Vizient has acquired Empierus, a healthcare advisory firm focused on IT contracting, healthcare technology management, and cost optimization, adding a niche capability that targets one of hospitals’ least disciplined spending buckets. Terms were not disclosed.
The move gives Vizient deeper reach into non-labor expense management at a moment when providers are under pressure to fund cybersecurity, cloud migration, AI tools, and broader digital modernization without a matching improvement in margins. IT has become a strategic necessity inside hospitals, but it has also become a procurement blind spot. Contracts are fragmented, vendor oversight is uneven, and many systems still buy software and infrastructure outside the rigor applied to clinical supplies.
Empierus already had a working relationship with Vizient and helped generate more than $36 million in client savings in 2025, according to the company. Folding that team in-house reduces execution risk and turns a partner capability into a proprietary one. That matters for Vizient because the company is building a broader advisory and spend-management platform, not just a group purchasing business. Its 2024 acquisition of Kaufman Hall pointed in the same direction.

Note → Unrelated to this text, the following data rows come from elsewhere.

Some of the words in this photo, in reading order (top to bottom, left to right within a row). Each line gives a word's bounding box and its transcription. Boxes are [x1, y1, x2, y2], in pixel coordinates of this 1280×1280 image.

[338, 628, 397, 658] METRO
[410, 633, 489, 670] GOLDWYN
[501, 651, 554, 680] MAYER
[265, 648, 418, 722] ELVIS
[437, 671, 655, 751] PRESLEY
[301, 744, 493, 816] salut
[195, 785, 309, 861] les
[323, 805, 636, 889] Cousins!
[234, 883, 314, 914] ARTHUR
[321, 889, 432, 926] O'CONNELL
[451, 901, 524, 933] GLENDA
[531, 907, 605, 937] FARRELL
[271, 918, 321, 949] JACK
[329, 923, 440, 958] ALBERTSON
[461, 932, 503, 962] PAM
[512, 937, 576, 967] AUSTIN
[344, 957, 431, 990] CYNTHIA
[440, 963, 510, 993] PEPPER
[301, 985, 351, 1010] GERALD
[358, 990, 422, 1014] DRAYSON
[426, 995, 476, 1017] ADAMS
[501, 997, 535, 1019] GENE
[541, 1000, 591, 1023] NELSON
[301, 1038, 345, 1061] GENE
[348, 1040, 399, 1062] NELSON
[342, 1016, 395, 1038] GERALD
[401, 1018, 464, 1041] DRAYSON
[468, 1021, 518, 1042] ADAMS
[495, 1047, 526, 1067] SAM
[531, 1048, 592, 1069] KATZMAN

Empierus employees will join Vizient’s indirect spend and purchased services unit, where more than 250 specialists work across non-labor categories. Existing client contracts and support models will remain in place.
For hospital executives, the appeal is simple enough. Traditional supply chain savings have become harder to find, while software, telecom, managed services, and medical technology support contracts continue to expand. Vizient wants to sit closer to that budget line and capture more of the advisory economics around it. The company’s scale helps. Vizient says it serves more than two-thirds of the nation’s acute care providers and manages a contract portfolio tied to $156 billion in annual purchasing volume.
The acquisition also lands in a market where buyers are still willing to pay for healthcare assets with clear cost-containment angles. Acquire.fyi data shows health sector deal value has reached $76.8 billion year to date, up 91.8% from a year earlier, even as volume has slipped. That split favors targeted capability buys like Empierus, where the rationale is less about expansion for its own sake and more about owning a tighter grip on provider budgets before rivals do.